Originally trained in sculpture, Hill conceives his installations with a flair for spatial drama. In the course of the 1980s he turned from making videotapes for a single monitor to more complex arrangements of multiple monitors, audio speakers and props. Although he avoids straightforward narrative, there is a theatrical quality to all his works. Perhaps the simplest example of Hill's method is the 17-minute video piece Soundings (1979). Here the severing of sound and image has a blunt rigor worthy of Godard and a streamlined structure reminiscent of Michael Snow's film Wavelength. Soundings consists of a single continuous shot of a bare audio speaker lying on its back, like a bowl. While we hear a spoken text, a handful of sand is tossed inside the speaker. The grains of sand begin to jump with the speaker's vibration in a literal depiction of the "rhythms of speech" and the "weight of words." More and more sand is poured over the speaker, as the text becomes gradually muffled and finally indecipherable.

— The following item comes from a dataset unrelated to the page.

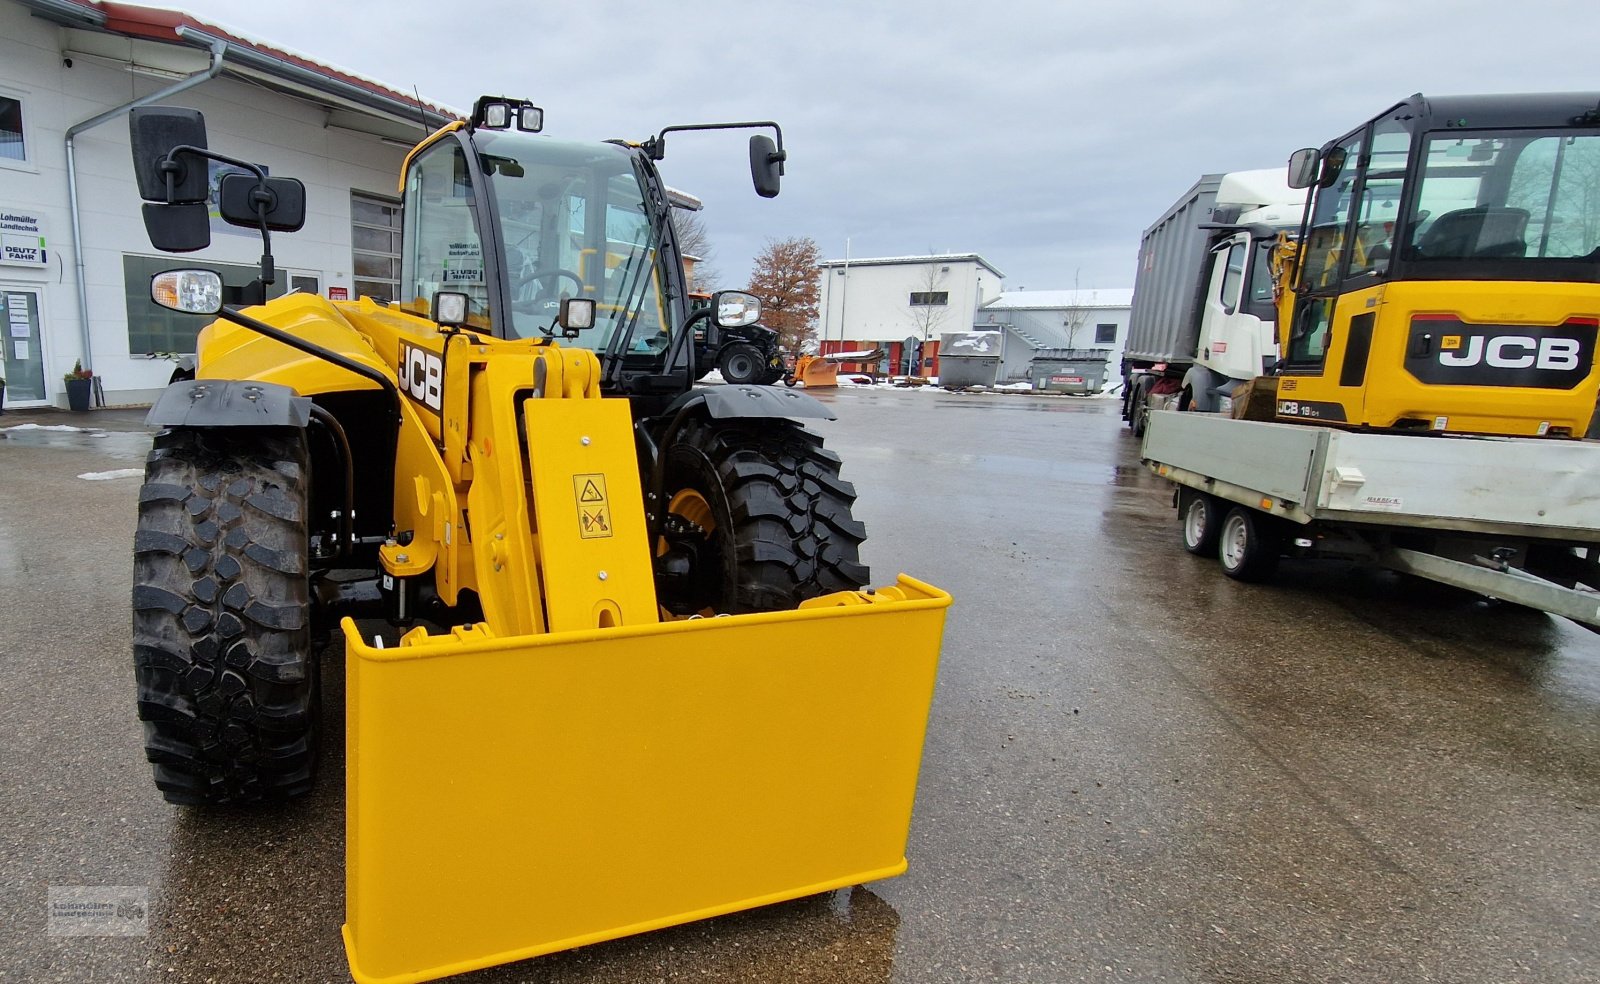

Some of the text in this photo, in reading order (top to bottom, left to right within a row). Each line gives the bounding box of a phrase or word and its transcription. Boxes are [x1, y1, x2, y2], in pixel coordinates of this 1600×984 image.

Many of Hill's works also play off traditional art-historical genres in unpredictable ways. He has explored, for example, the psychological and philosophical ramifications of the still life (Learning Curve, 1993), the nude (Suspension of Disbelief, 1991-92) and the landscape (Primarily Speaking, 1981-83). One of the Seattle survey's best works, Crux (1983-87), is an update of a particularly daunting art-historical theme: the Crucifixion.
For this piece Hill trekked across the deserted Bannerman's Island, situated on the Hudson River, recording his journey with five video cameras that were strategically attached to his body. One camera was mounted to each of his shins, one was braced in front of his head and focused on his face, and one was clamped to each of his arms, which he held out to either side of his body. In the resulting installation, five monitors are mounted on a wall in the form of a crucifix, simultaneously showing the artist's hands, bare feet and face; the central part of his body is never seen. The viewer is drawn into Hill's elaborate conceit by the odd experience of watching five continuous close-ups at once, all of which feature glimpses of the same background landscape. This indifferent landscape, as in Italian and Northern Renaissance Crucifixion scenes, furnishes the setting for the foreground drama.
With outrageous audacity, Hill taps into the angst and abjection of the Crucifixion. Bearing his televisual "cross," he records a simple but arduous walk in the woods, passing through an abandoned armory (a symbol of the ruins of civilization) and moving on to the river. The physical strain of carrying five cameras strapped to Hills body can be seen on the artist's face as he pants and puffs his way across the island. With his cumbersome apparatus weighing him down, Hill stumbles slowly along, his bare feet almost slipping on rocks, his stiffly held hands having seemingly gone numb. The 26-minute cycle ends with Hill awkwardly bending over and splashing his sweaty face with water.